Morocco has announced that it has launched its plan to extend social coverage to 9 million beneficiaries, ultimately intended to cover 22 million people currently without health insurance. Farmers, artisans, traders, independent professionals and their families will be the first to be included in the compulsory health insurance scheme (AMO) in 2021 and 2022, according to an official statement released on Wednesday evening after a launching ceremony of the operation in the presence of King Mohammed VI. The AMO will then extend to workers in other sectors “with a view to the effective generalization of social protection to all citizens,” said the Minister of the Economy, Mohamed Benchaaboun, quoted in the press release.
Three framework agreements signed
With a view to optimum coverage, three framework conditions have been signed. The first framework agreement, which will impact more than 800,000 members, focused on the generalization of compulsory basic health insurance for the benefit of traders, craftsmen, professionals and independent providers subject to the single professional contribution regime, to the regime. of the autoentrepreneur or the accounting system. The second framework agreement, involving around 500,000 members, focused on the generalization of compulsory basic health insurance for the benefit of artisans and crafts professionals. As for the third framework agreement, it affects some 1.6 million members and concerns the generalization of compulsory basic health insurance for the benefit of farmers. “The implementation of this large-scale societal project constitutes a starting point for the achievement of the aspirations of His Majesty the King in favor of all components of Moroccan society in terms of responding to the challenge of the generalization of social protection », Underlined the Minister. And to add, quoted by the Moroccan press agency MAP: “It represents a lever for integrating the informal sector into the economic fabric so as to guarantee the protection of the working class and its rights, as well as a turning point. decisive on the path to achieving balanced development and social and spatial justice under the leadership of His Majesty the King. ”

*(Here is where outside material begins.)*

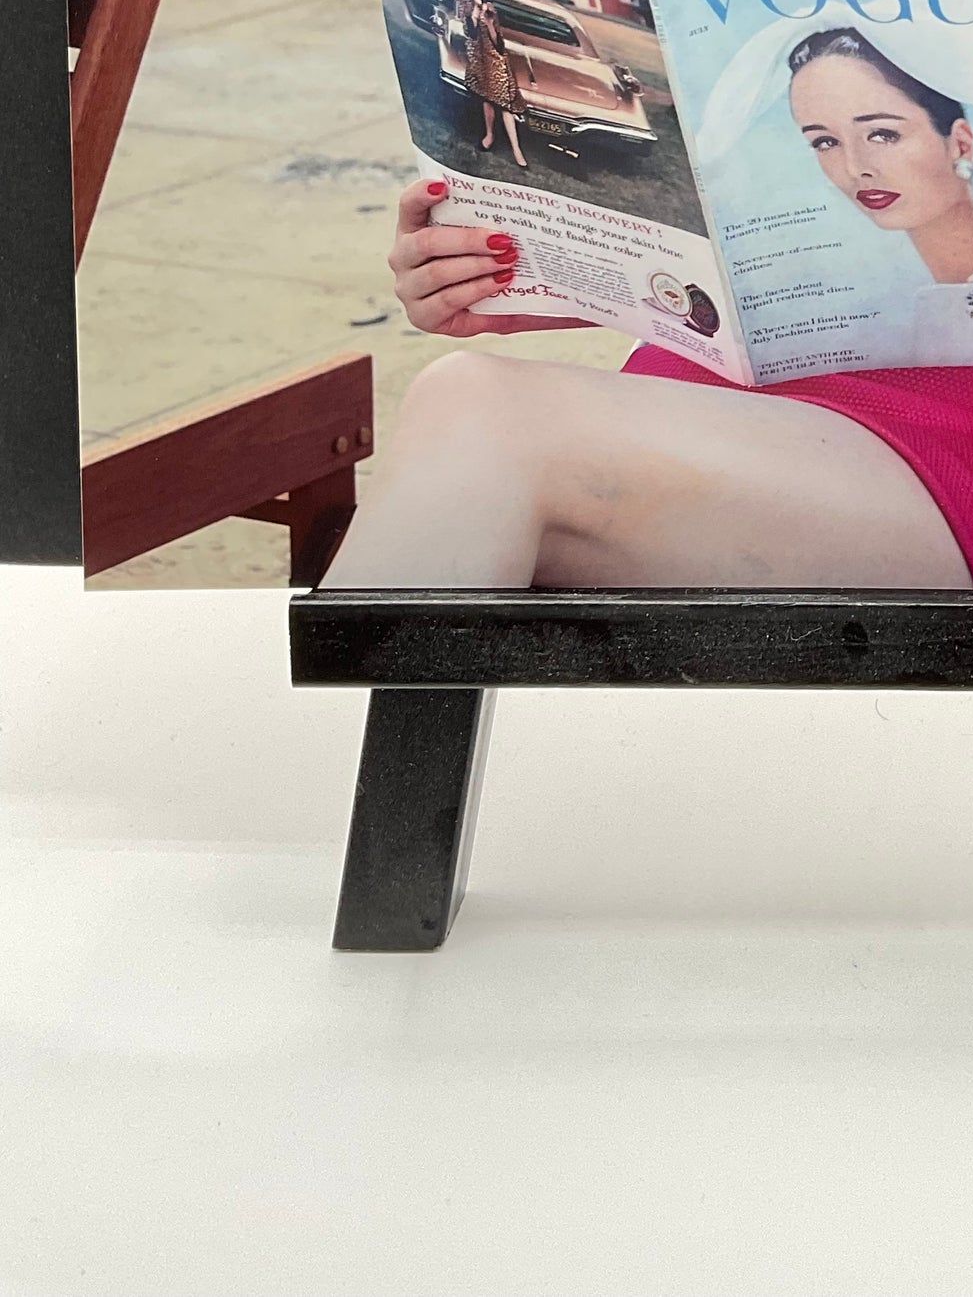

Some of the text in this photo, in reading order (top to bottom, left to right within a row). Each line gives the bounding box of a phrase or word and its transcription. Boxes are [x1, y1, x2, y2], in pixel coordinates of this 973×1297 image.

A lesson learned from the Covid-19 pandemic
It should be remembered that the king launched this plan in July by stressing that the crisis linked to the Covid-19 pandemic had notably highlighted “the weakness of social protection networks” for “the fringes of the population in a situation of large precariousness ”in this country of 36 million inhabitants. Since then, a framework law has been adopted in February in Parliament, also including generalization of access to family allowances, retirement and job loss indemnity by 2025 at an annual cost of 51 billion. of dirhams (4.7 billion euros). Currently, only employees of the Moroccan public and private sector benefit from medical coverage and millions of people are not covered in the event of a health problem.
A way to upgrade the medical sector
To measure the importance of this program of generalization of social protection, it should be remembered that Morocco is marked by significant social disparities which were complicated by the health crisis: the kingdom’s economy contracted by 7.1% in 2020 and the poverty rate jumped from 1.7 to 11.7% nationally during confinement, according to the HCP, the Moroccan institute in charge of statistics. The generalization of medical coverage will require improving health services, marked by a “low rate of medical supervision” and a “significant deficit in human resources”, warned the Minister of the Economy. He mentioned as a possible response “the opening of the practice of medicine to foreign skills, the encouragement of international health establishments to work and invest in Morocco”.